I would not advise a legal route. I think you need to consider this as just another
set of referees’ comments and respond simply, clearly and directly. On the science
side the key point is that the M&M criticisms are unfounded.
Although this may be difficult, remember that this is not really a criticism of you
personally, but one aspect of a criticism of the foundations of global warming
science by people both inside and outside of Congress who have ulterior motives.
There may, in fact, be an opportunity here. As you know, we suspect that there
has been an abuse of the scientific review process at the journal editor level.

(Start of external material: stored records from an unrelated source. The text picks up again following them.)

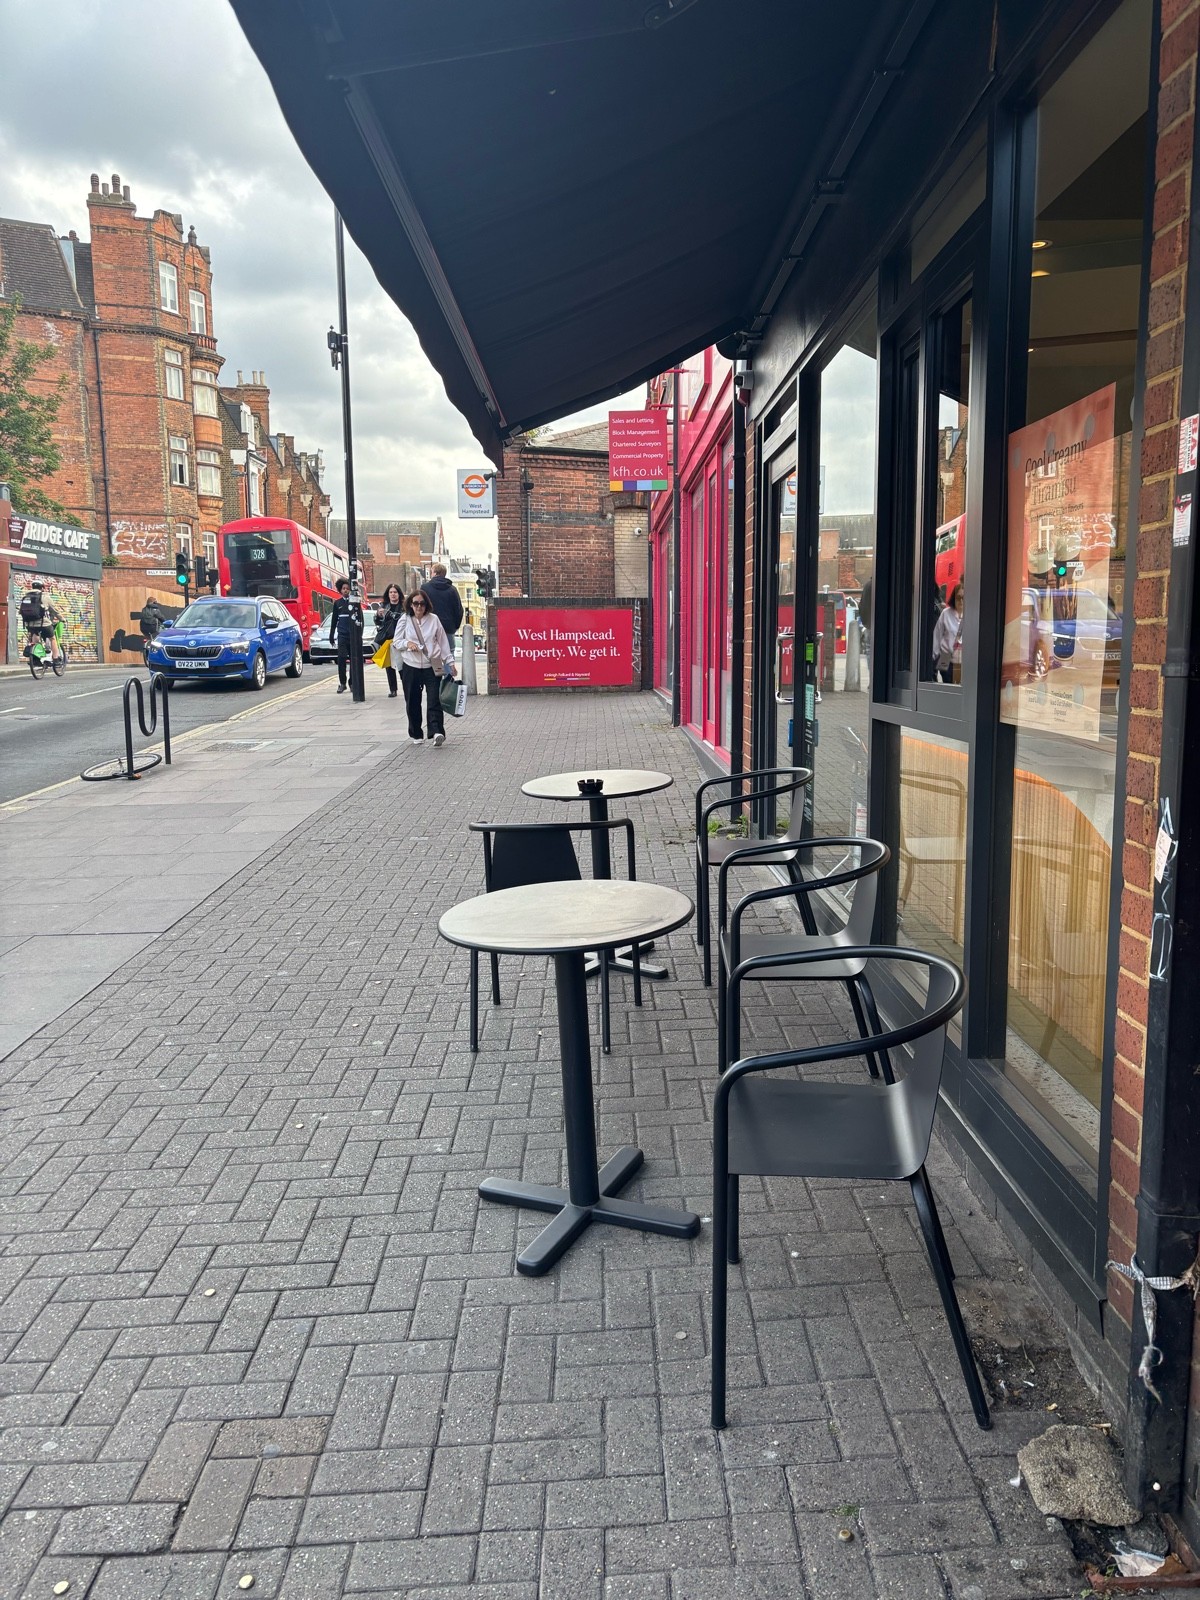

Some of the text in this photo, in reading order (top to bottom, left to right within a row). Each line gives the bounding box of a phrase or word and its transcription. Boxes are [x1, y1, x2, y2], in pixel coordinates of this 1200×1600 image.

[613, 465, 664, 477] kfh.co.uk
[1032, 476, 1077, 506] Tiramisu
[64, 530, 89, 550] CAFE
[253, 549, 265, 559] 328
[517, 628, 615, 643] West Hampstead.
[512, 646, 621, 661] Property. We get it.

The method is to choose reviewers who are sympathetic to the anti-greenhouse
view. Recent papers in GRL (including the M&M paper) have clearly not been
reviewed by appropriate people. We have a strong suspicion that this is the case,
but, of course, no proof because we do not know *who* the reviewers of these
papers have been. Perhaps now is the time to make this a direct accusation and

request (or demand) that this information be made available. In order to properly
defend the good science it is essential that the reasons for bad science appearing
in the literature be investigated.
The lever here is that the Subcommittee on Oversight and Investigations of the
House Committee on Energy and Commerce is suggesting that your papers are
bad science and asking (their point 8e) for the identity of people who reviewed
your work. In response, it is completely fair and justifiable to point out that it
is the papers that criticize your and related work that are bad science, and that,
through the Subcommittee you can request the identities of the reviewers of all
of these critical papers — starting with M&M.

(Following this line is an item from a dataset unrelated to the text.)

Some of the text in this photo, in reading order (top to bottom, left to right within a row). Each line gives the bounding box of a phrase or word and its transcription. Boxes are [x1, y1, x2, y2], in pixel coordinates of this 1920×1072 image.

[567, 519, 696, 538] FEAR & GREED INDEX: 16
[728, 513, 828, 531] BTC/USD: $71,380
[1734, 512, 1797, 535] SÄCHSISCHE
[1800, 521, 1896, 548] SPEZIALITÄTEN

When you respond, there are a number of items that require a direct response
from you alone. There are also a number of scientific points where you could
give a multi-authored response. There are many people who have expertise in
this area and familiarity with the scientific issues who I am sure would be willing
to join you (I would be happy to do so).
At this stage, however, I would keep the group small. A few others could be added
to the original email list nevertheless. I took the liberty of copying your plea and
the Subcommittee’s letter to Caspar Ammann, primarily because I think he can
help with the scientific aspects better than most people. After all, he has been
able to follow your method and reproduce your results, he has shown the flaws
in M&M’s work, he has investigated the bristlecone pine issue, and he has made
all his software available on the web.
The others who could be added at this early stage are Ray Bradley and Malcolm
Hughes, your ‘co-conspirators’ — and perhaps Phil Jones, Keith Briffa and Tim
Osborn. I do not know how ‘powerful’ these alien opinions may be in the present
parochial context, but I note that the instigators of all this are Canadians and that
the science has no national boundaries. Phil, Keith and Tim are useful because they
have demonstrated the flaws in the von Storch work — which is, I assume, the
Science paper that the Subcommittee’s letter referes to.

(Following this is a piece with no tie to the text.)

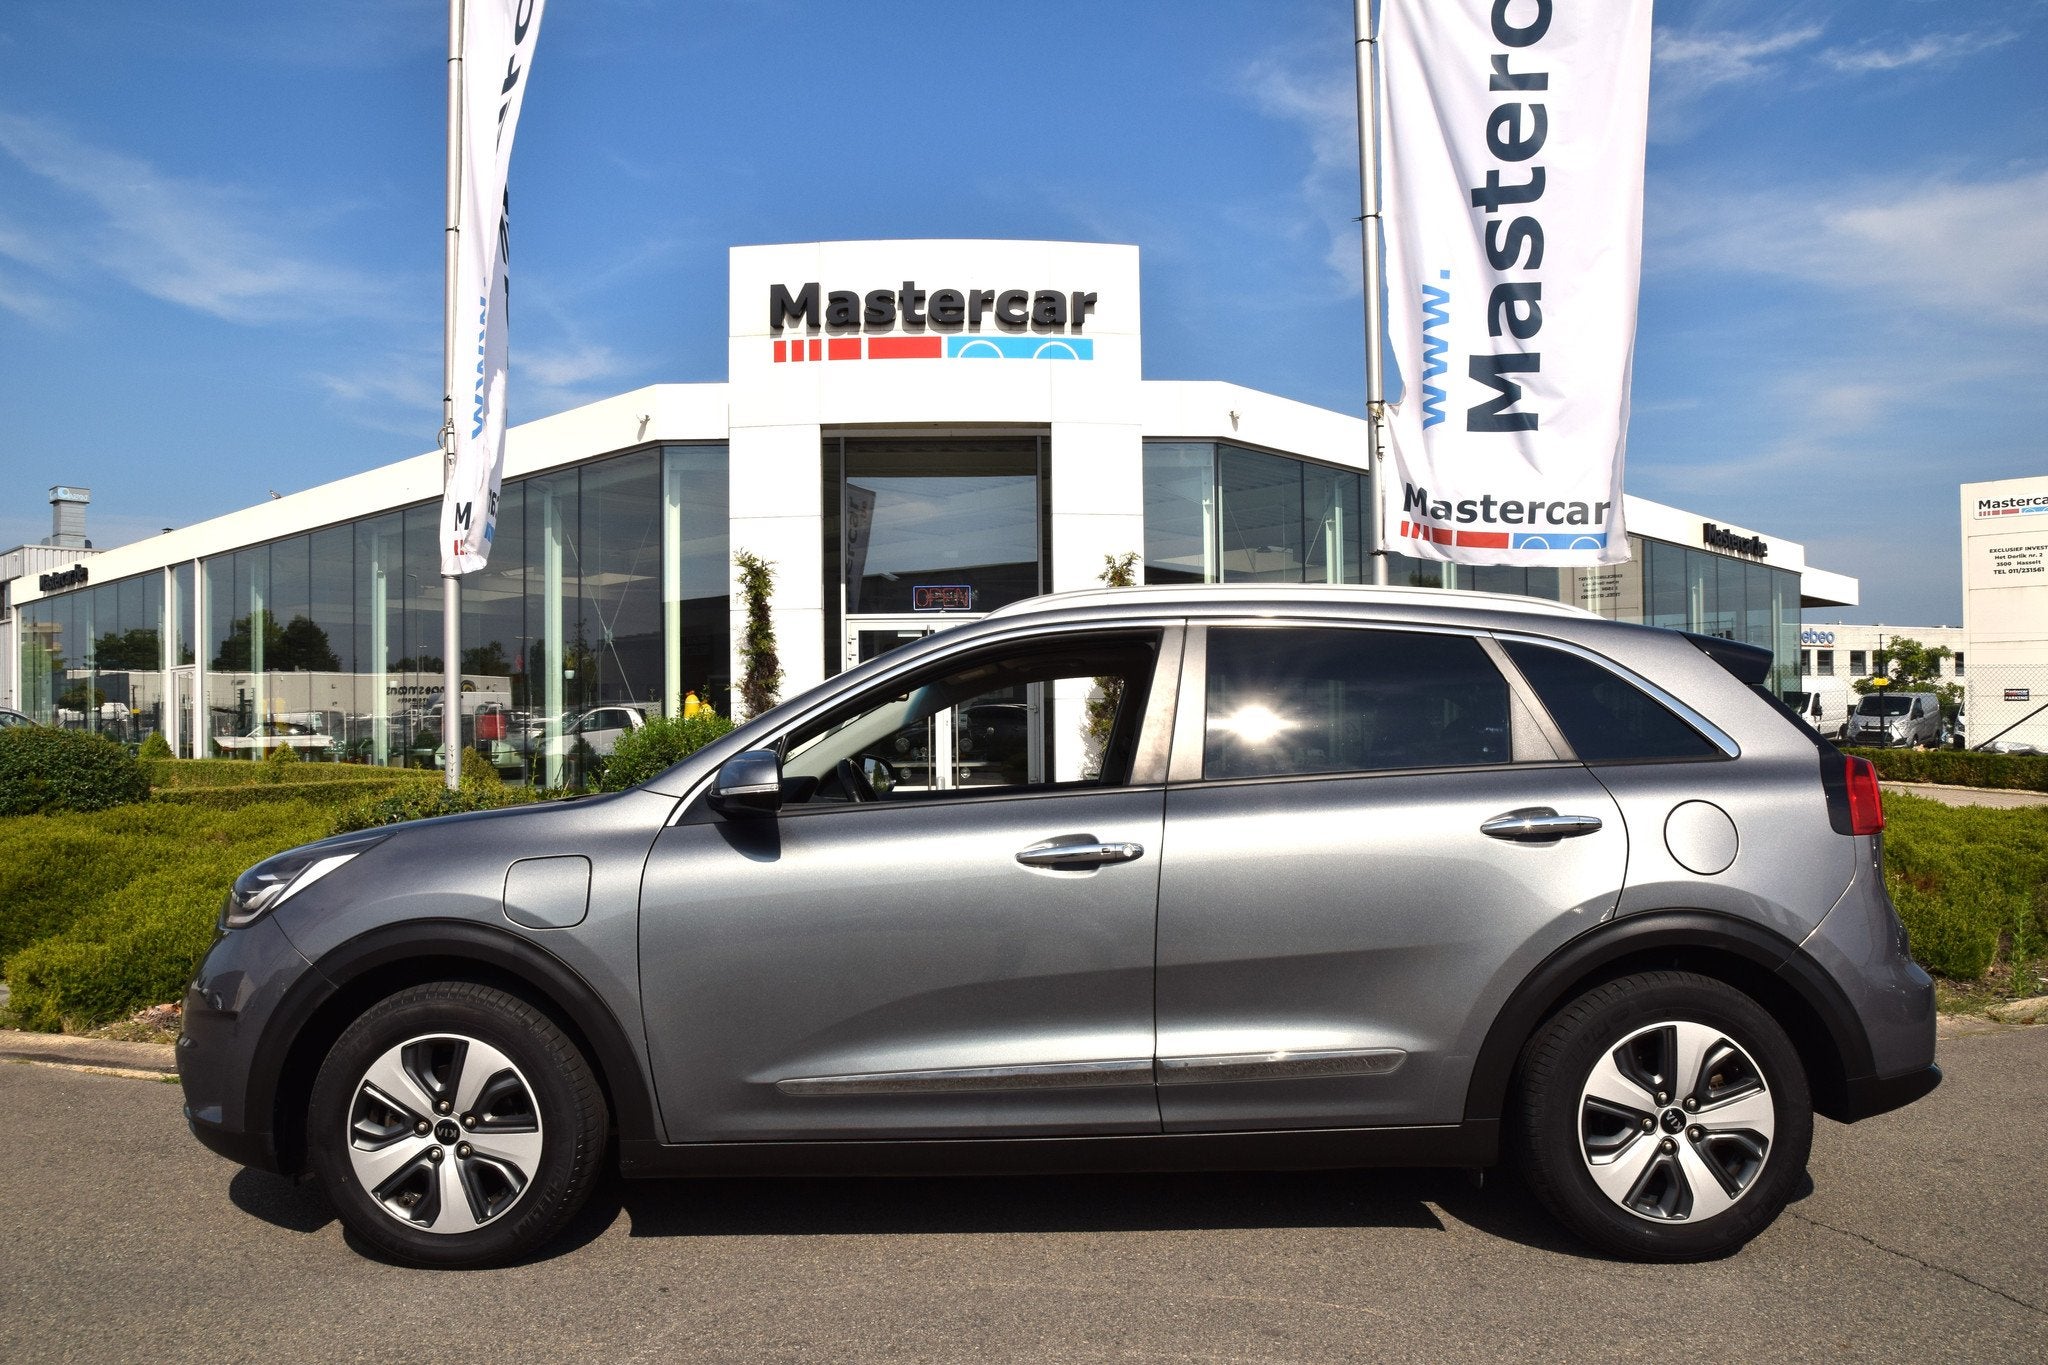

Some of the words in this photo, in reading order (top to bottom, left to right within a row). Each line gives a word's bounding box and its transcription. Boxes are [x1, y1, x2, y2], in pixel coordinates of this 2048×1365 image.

A word of warning. I would be careful about using other, independent paleo
reconstruction work as supporting the MBH reconstructions. I am attaching my
version of a comparison of the bulk of these other reconstructions. Although
these all show the hockey stick shape, the differences between them prior to
1850 make me very nervous. If I were on the greenhouse deniers’ side, I
would be inclined to focus on the wide range of paleo results and the differences
between them as an argument for dismissing them all.
I attach also a run with MAGICC using central-estimate climate model parameters
(DT2x = 2.6 degC, etc. — see the TAR), and forcings used by Caspar in the
runs with paleo-CSM. I have another Figure somewhere that compares MAGICC
with paleo-CSM. The agreement is nearly perfect (given that CSM has internally
generated noise while MAGICC is pure signal). The support for the hockey stick
is not just the paleo reconstructions, but also the model results. If one takes the
best estimates of past forcing off the shelf, then the model results show the hockey
stick shape. No tuning or fudging here; this is a totally independent analysis, and
critics of the paleo data, if they disbelieve these data, have to explain why models
get the same result.
Of course, von Storch’s model results do not show such good century timescale
agreement, but this is because he uses silly forcing and has failed to account for
the fact that his model was not in equilibrium at the start of the run (the subject
of Tim Osborn et al.’s submitted paper).
This is a pain in the but, but it will all work out well in the end (unintentional pun

sorry). Good science will prevail.
Best wishes,
Tom
———————————————–
Michael Oppenheimer wrote:
Michael:
This is outrageous. Ill contact some people who may be able to help right away.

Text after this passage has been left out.